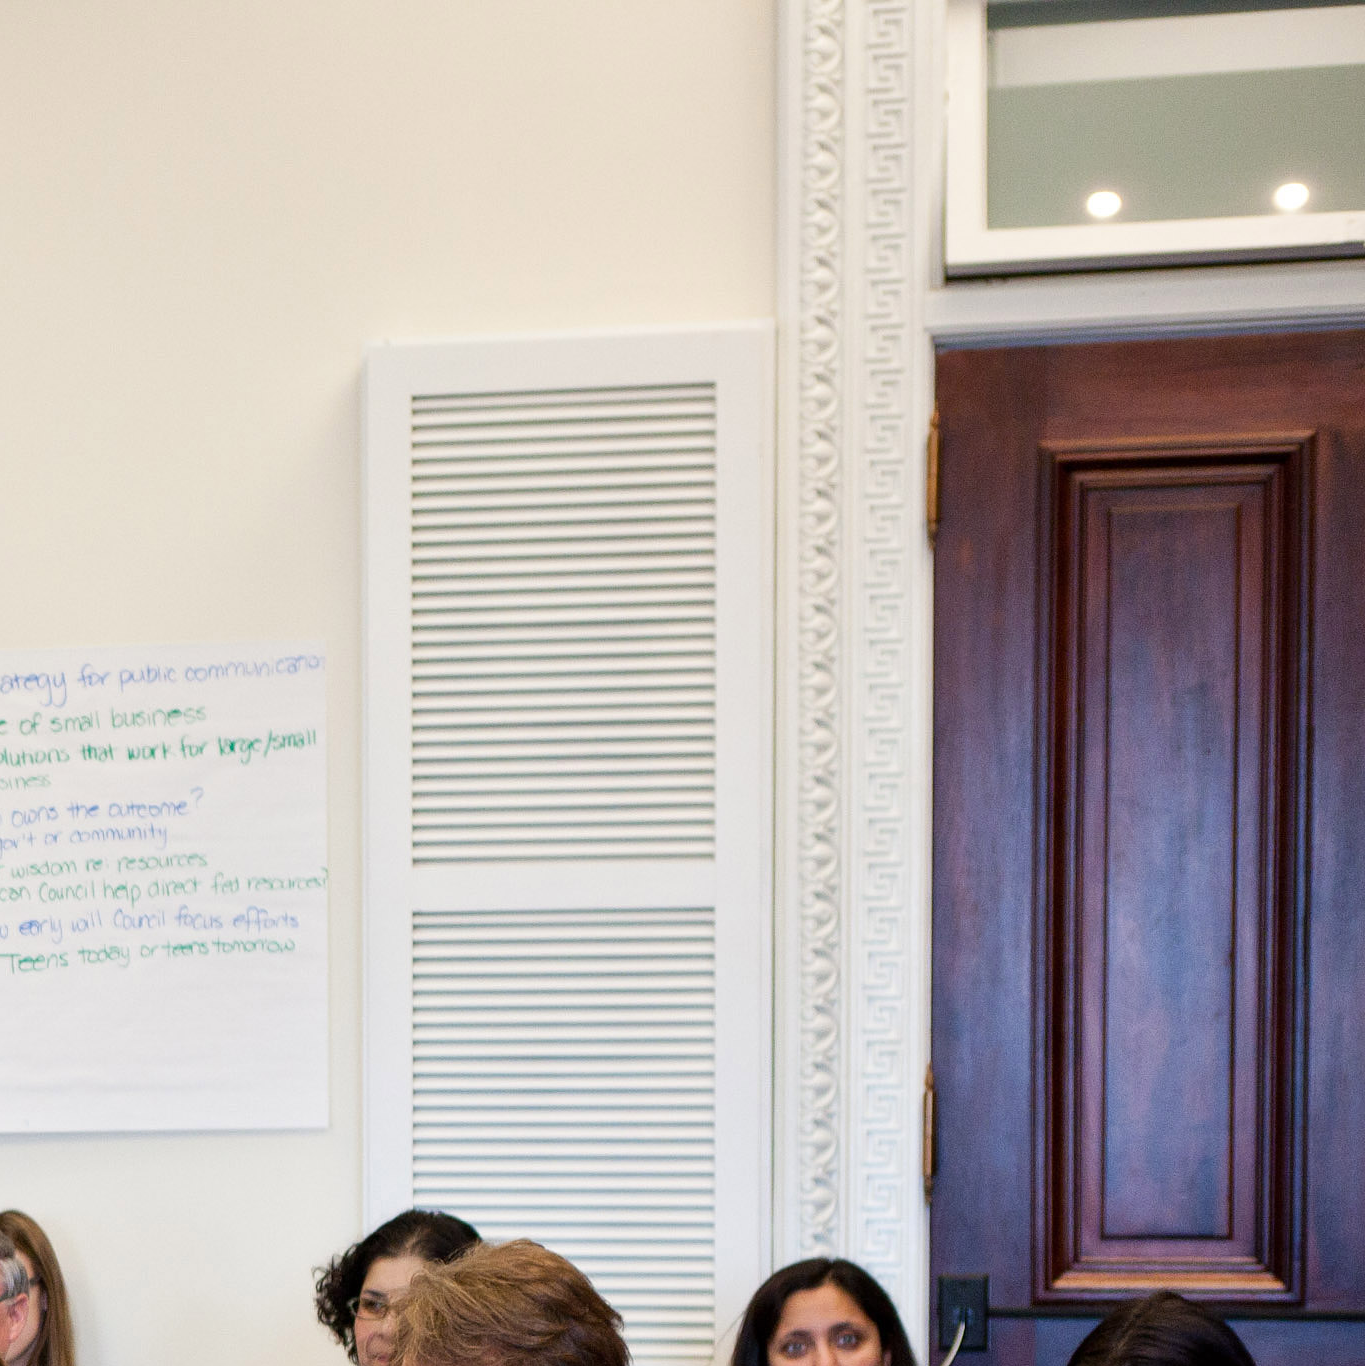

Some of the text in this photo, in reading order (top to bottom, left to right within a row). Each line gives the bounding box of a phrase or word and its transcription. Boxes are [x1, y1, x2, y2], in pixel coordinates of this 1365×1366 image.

[76, 664, 110, 688] for
[119, 665, 177, 693] public
[19, 711, 41, 735] of
[50, 706, 101, 734] small
[111, 704, 208, 729] business
[81, 743, 115, 762] that
[127, 740, 173, 762] work
[179, 735, 208, 758] for
[10, 805, 60, 829] owns
[66, 801, 101, 820] the
[44, 831, 64, 847] or
[69, 823, 170, 854] community
[10, 857, 78, 879] wisdom
[116, 851, 209, 874] resources
[38, 879, 96, 903] Council
[102, 880, 142, 909] help
[148, 874, 202, 897] direct
[18, 916, 65, 944] early
[70, 908, 103, 932] will
[112, 908, 167, 931] Council
[173, 903, 224, 931] focus
[231, 904, 301, 932] efforts
[77, 940, 131, 969] today
[139, 943, 158, 959] or
[166, 939, 210, 958] teens
[211, 936, 296, 955] tomorrow

----------

● **Task details**
Print every line of the material above exactly as it reads, skipping the pictures.

● **Reply to the exercise**
Some of the text in this photo, in reading order (top to bottom, left to right within a row). Each line gives the bounding box of a phrase or word and its transcription. Boxes are [x1, y1, x2, y2], in pixel coordinates of this 1365×1366 image.

[76, 664, 110, 688] for
[119, 665, 177, 693] public
[19, 711, 41, 735] of
[50, 706, 101, 734] small
[111, 704, 208, 729] business
[81, 743, 115, 762] that
[127, 740, 173, 762] work
[179, 735, 208, 758] for
[10, 805, 60, 829] owns
[66, 801, 101, 820] the
[44, 831, 64, 847] or
[69, 823, 170, 854] community
[10, 857, 78, 879] wisdom
[116, 851, 209, 874] resources
[38, 879, 96, 903] Council
[102, 880, 142, 909] help
[148, 874, 202, 897] direct
[18, 916, 65, 944] early
[70, 908, 103, 932] will
[112, 908, 167, 931] Council
[173, 903, 224, 931] focus
[231, 904, 301, 932] efforts
[77, 940, 131, 969] today
[139, 943, 158, 959] or
[166, 939, 210, 958] teens
[211, 936, 296, 955] tomorrow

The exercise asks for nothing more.